45 ¶Again, the kingdom of heaven is like unto a merchant man, seeking goodly pearls:
46 Who, when he had found one pearl of great price, went and sold all that he had, and bought it.
You will notice that in each of these scriptures, one word keeps popping up - the word
all. From this we can get the answer to our original question: how much trust must we have in God to be saved? The answer is we must have
complete and unlimited trust in God in order to be saved. It is not enough to trust God with some things. Nor is sufficient to trust God with most things. It is not even sufficient to trust God with
almost everything. We must trust God absolutely and completely in order to inherit the kingdom of heaven.
So then, even though may be saved by faith and not by works we are not saved by just any kind of faith. We are saved only by a firm, unshakable and all consuming faith. The kind of faith or trust where if God says "go shoot the president" and you know it is God speaking you will do it. Just as Abraham was willing to sacrifice his son in obedience to God. This kind of faith in God holds nothing back from him. We surrender our wills and all we are to him because we trust him or have faith in him. We become willing to keep all God's commandments and to stand as witnesses of him at all times, in all things and in all places we may be in. So the question of works becomes easy: we will do good works if we have this faith.
But then another question comes: how do we obtain this faith? The scripture you quoted indicates correctly that faith is a gift of God. But what do we know about gifts from God? I will refer to another parable of the Lord. It is the parables of the talents.

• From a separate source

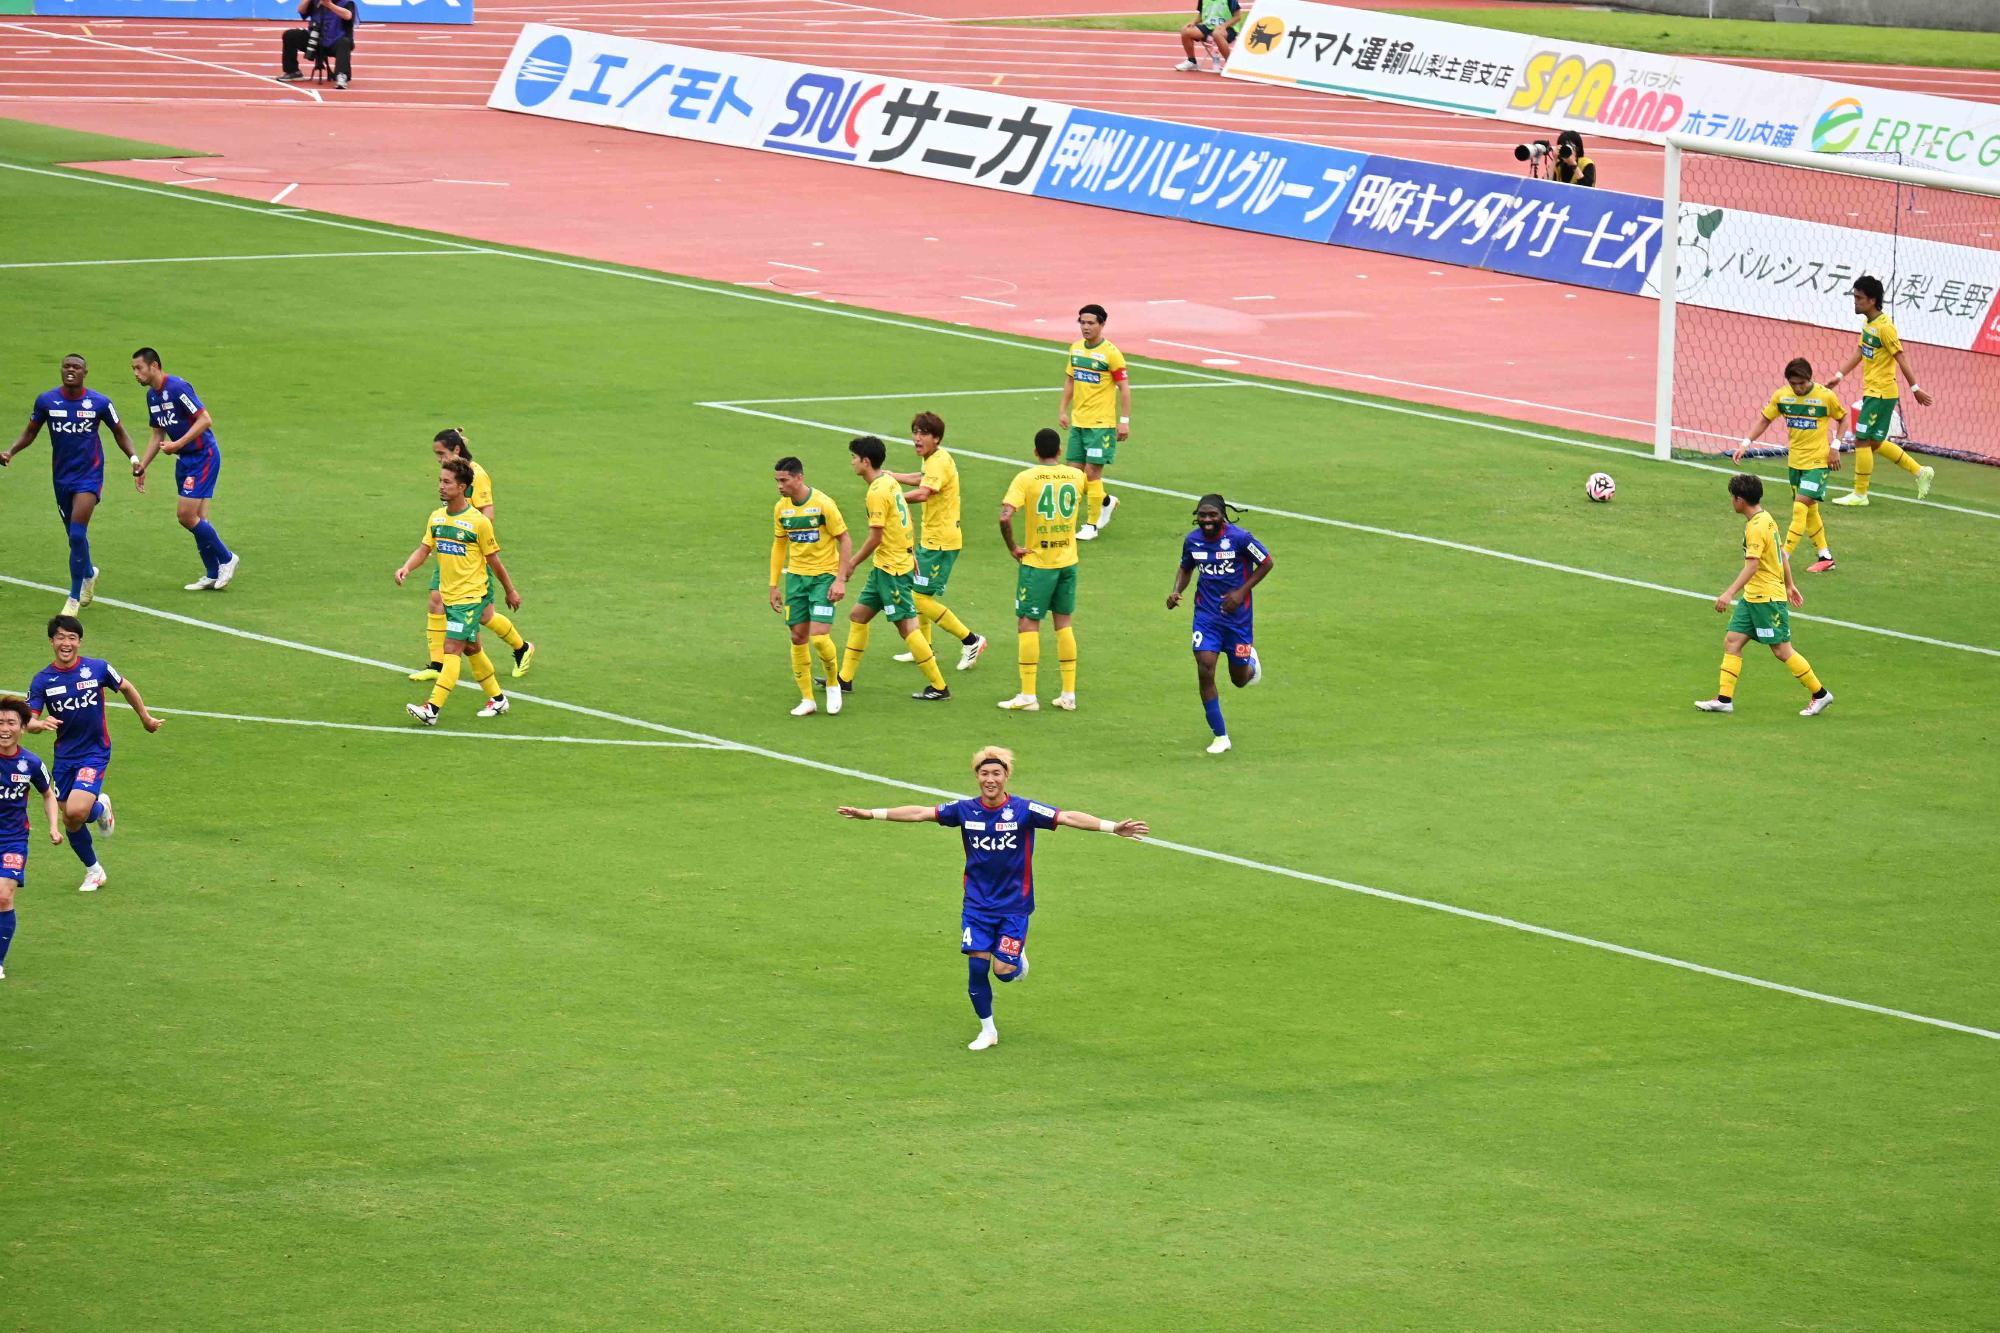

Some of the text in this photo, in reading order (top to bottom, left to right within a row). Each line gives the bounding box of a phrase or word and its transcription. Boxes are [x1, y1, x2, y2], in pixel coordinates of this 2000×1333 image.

In the parable a man gives different amounts of talents to each of his servants. When the master comes back after a while he asks each servant to give an account of what they did with the talents. The two that had 5 and 2 talents had gone to work and done business in order gain more, over and above what they were given. The master was very pleased with these servants. Therefore what ever gift God gives us, he expects us to improve on it. Therefore what ever faith God grants us, he expects us to use it in order to gain more faith.
And this makes sense. If my brother, who has recently become a pilot, asks me to go on a plane trip with him, I will be hesitant. But if I
exercise faith and fly with him and we have a smooth flight and a safe return: my faith in him will grow. The next time he asks me to fly with him I will be much less hesitant.
So clearly faith in God, though initially a gift, is a gift that we can expand and improve upon. But to do so it requires work - good works. In the parable of the talents, the servant who did not do any work to grow the talent he had received received this reply from his lord as recorded in Matt 25:
28 Take therefore the talent from him, and give it unto him which hath ten talents.
29 For unto every one that hath shall be given, and he shall have abundance: but from him that hath not shall betaken away even that which he hath.
30 And cast ye the unprofitable servant into outer darkness: there shall be weeping and gnashing of teeth.
So if we do not work to improve our faith,it will not be well with us at the day of Judgement.
So while it is true that we are saved by grace and that grace comes by faith - it is equally true that the kind of faith required to receive that grace comes by works as we improve upon the gift of faith we have initially received from God.
And this must be true since if the faith required came completely as a gift from God without any works, then we would have to question God as to why he gives the gift to some people and not to others.